**DATA TO EXAMINE**
____

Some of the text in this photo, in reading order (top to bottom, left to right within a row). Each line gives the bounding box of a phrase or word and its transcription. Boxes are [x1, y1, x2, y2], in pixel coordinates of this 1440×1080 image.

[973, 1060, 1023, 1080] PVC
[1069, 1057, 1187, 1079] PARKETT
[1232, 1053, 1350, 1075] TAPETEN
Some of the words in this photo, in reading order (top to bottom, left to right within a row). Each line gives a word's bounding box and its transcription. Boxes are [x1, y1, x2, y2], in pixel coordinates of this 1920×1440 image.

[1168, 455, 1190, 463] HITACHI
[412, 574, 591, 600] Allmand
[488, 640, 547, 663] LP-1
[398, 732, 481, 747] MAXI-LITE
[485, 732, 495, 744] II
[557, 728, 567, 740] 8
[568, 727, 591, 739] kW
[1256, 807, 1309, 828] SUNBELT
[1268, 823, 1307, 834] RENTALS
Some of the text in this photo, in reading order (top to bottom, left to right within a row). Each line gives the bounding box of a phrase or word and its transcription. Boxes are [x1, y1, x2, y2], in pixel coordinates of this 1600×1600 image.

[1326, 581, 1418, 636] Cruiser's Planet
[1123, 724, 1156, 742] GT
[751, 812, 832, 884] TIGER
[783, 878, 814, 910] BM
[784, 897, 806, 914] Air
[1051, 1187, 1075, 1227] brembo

____

**WHAT YOU NEED TO DO**
Take the line that contains "Some of the words" and every line after it in the material above. Set those lines down exactly and nothing more.

**SOLUTION FOR THIS TASK**
Some of the words in this photo, in reading order (top to bottom, left to right within a row). Each line gives a word's bounding box and its transcription. Boxes are [x1, y1, x2, y2], in pixel coordinates of this 1920×1440 image.

[1168, 455, 1190, 463] HITACHI
[412, 574, 591, 600] Allmand
[488, 640, 547, 663] LP-1
[398, 732, 481, 747] MAXI-LITE
[485, 732, 495, 744] II
[557, 728, 567, 740] 8
[568, 727, 591, 739] kW
[1256, 807, 1309, 828] SUNBELT
[1268, 823, 1307, 834] RENTALS
Some of the text in this photo, in reading order (top to bottom, left to right within a row). Each line gives the bounding box of a phrase or word and its transcription. Boxes are [x1, y1, x2, y2], in pixel coordinates of this 1600×1600 image.

[1326, 581, 1418, 636] Cruiser's Planet
[1123, 724, 1156, 742] GT
[751, 812, 832, 884] TIGER
[783, 878, 814, 910] BM
[784, 897, 806, 914] Air
[1051, 1187, 1075, 1227] brembo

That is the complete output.